Ricordo del grande scrittore
Il tempo di Petroni
Con un dibattito sul rapporto tra letteratura e memoria e la presentazione di un inedito sull'Heysel, Lucca rende omaggio a Guglielmo Petroni in occasione dell'uscita di un saggio di Marina Margioni
«Il tempo che vivo, qualsiasi sia, è il mio, non lo rifiuto né con le negazioni né con le nostalgie con cui si beano gli uomini privi di fede. Posso vivere il mio tempo qualsiasi sia, perché non ho rifiutato molto del passato; le sofferenze, come le gioie, sono le strutture sulle quali s’edifica il presente»: è una delle frasi che sembrano programmatiche del lavoro, un ultimo libro mai terminato per la scomparsa dell’autore, Guglielmo Petroni (1911-1993). Si trattava di un romanzo autobiografico che prende spunto da un avvenimento di cronaca di una tragica partita di calcio, accaduta il 28 maggio 1985, quando a Heysel (Bruxelles), 39 tifosi furono uccisi, travolti dalle violenze provocati dagli hooligans inglesi del Liverpool.
L’inedito viene presentato oggi a Lucca al Real Collegio dove la figura dello scrittore verrà ricordata in occasione della presentazione della monografia La narrativa di Guglielmo Petroni tra realtà e memoria di Marina Margioni (Edizioni Tra le righe libri – pp. 206 – 15,00 euro) appena pubblicata e in cui all’inedito è dedicato l’ultimo capitolo. Il manoscritto ritrovato dalla Margioni è conservato all’Archivio Contemporaneo “Alessandro Bonsanti” di Firenze (Gabinetto scientifico letterario G.P. Vieusseux) cui lo scrittore ha lasciato tutte le sue carte.
L’appuntamento lucchese, organizzato dalla Libreria Ubik, vedrà gli interventi, presente l’autrice del saggio, del professor Paolo Vanelli, di Gina Truglio, Andrea Giannasi e Paolo Petroni, figlio dello scrittore lucchese che, con il suo romanzo più noto, Il mondo è una prigione, ha dato una delle più alte testimonianze uscite dalla Resistenza, durante la quale fu anche imprigionato dalle SS nella famigerata via Tasso a Roma nel 1944.
Il saggio della Margioni si sofferma su tre periodi storici: la formazione a Lucca e poi la Firenze delle riviste e delle Giubbe Rosse; l’arrivo a Roma con poi il momento dell’adesione al movimento Resistenziale, che lo portò all’arresto e alla detenzione in via Tasso e poi al carcere di Regina Coeli; la parte della maturità letteraria e gli altri romanzi.

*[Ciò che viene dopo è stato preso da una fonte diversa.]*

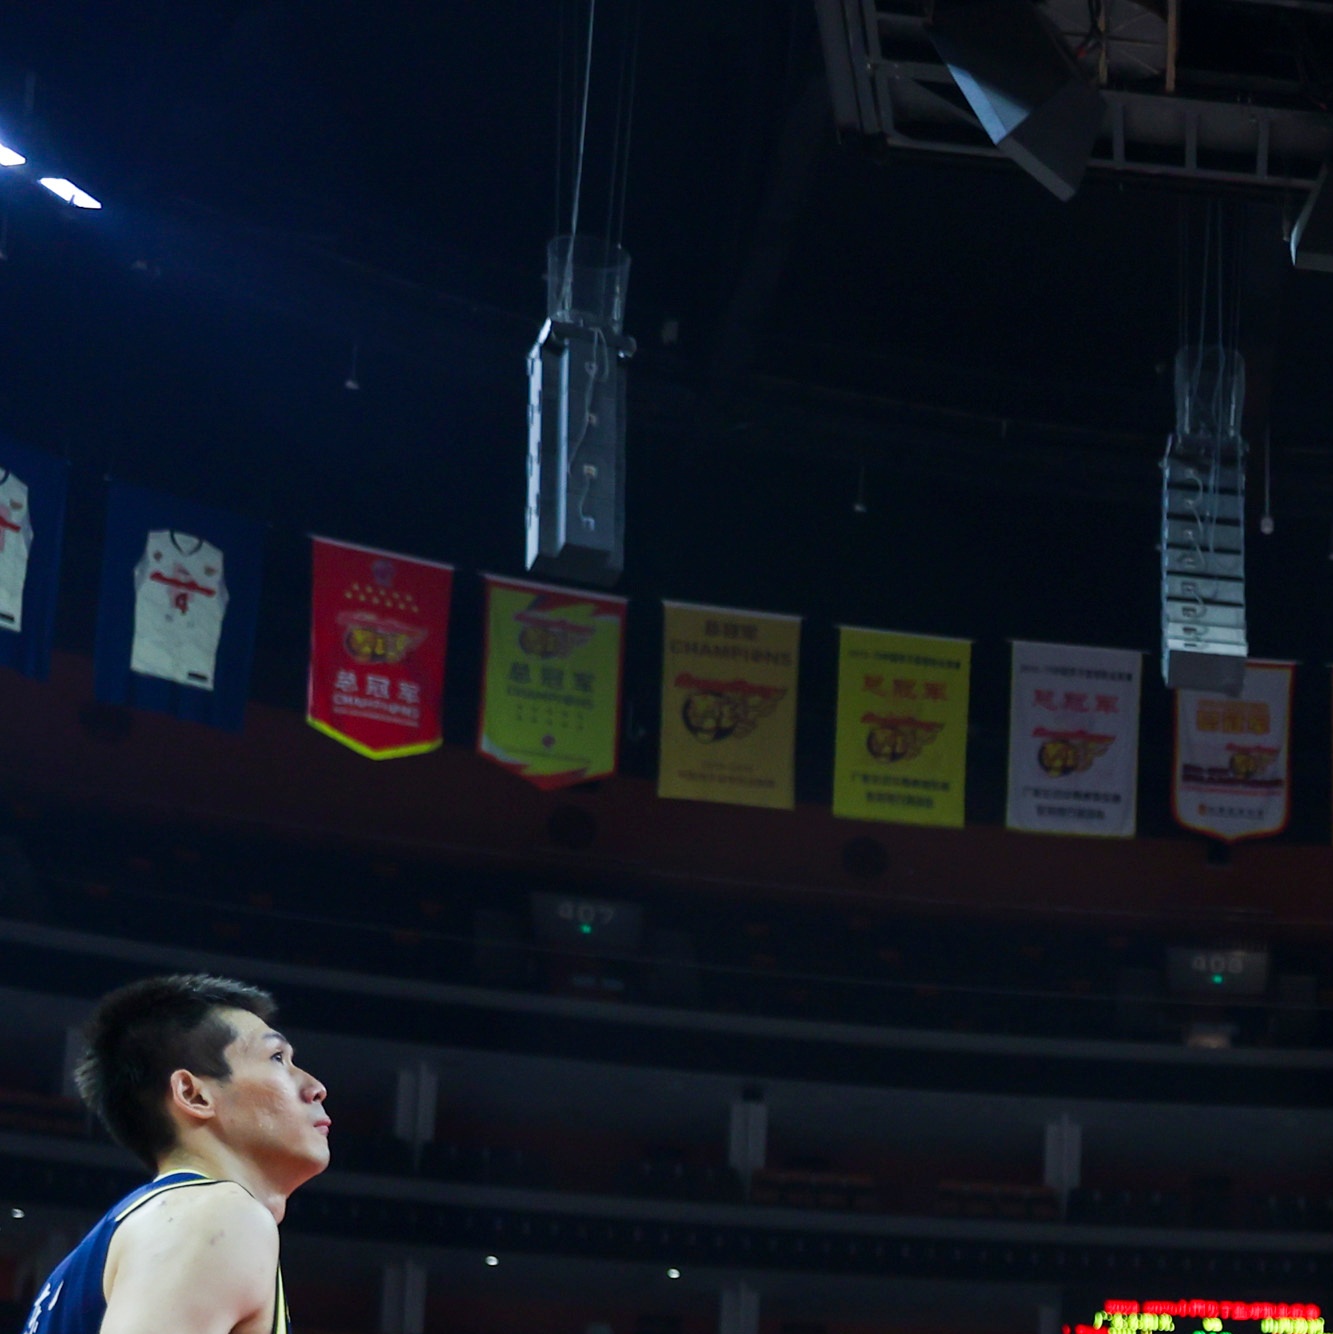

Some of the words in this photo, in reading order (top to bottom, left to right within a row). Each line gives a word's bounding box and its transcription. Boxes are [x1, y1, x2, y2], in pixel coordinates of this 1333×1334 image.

Quella di Guglielmo Petroni, premio Strega 1964 con La morte del fiume, premio selezione Campiello 1984 con Il nome delle parole, è una delle più coerenti testimonianze di quel travaglio culturale e, dunque, letterario che si ebbe nel dopoguerra. L’intera sua opera trovò motivo e alimento nella memoria non solo come esperienza di vita, ma come luogo in cui sono le radici del futuro, mezzo per indagare se stesso in una ricerca di armonia col mondo che è anche possibilità del rapporto vero con gli altri. La realtà, dall’infanzia fino alla maturità, si trasfigurò sempre nel ricordo, che divenne il punto di partenza di ogni analisi del contesto storico e scandì la sua vita, donandole valore. Chiarezza interiore, razionalità del pensare, dell’agire e dell’esprimersi: era la stessa esigenza che lo portò poi all’impegno civile e alla Resistenza. L’arte e la letteratura rappresentarono per lo scrittore lucchese lo specchio in cui si rifletteva e si correggeva il travaglio morale degli uomini. La memoria divenne lo strumento necessario per edificare la propria intima coscienza e per saper valutare, con animo sereno, i momenti importanti e la realtà di un mondo in rapida evoluzione, affrontati fino all’ultimo con grande coerenza e partecipazione.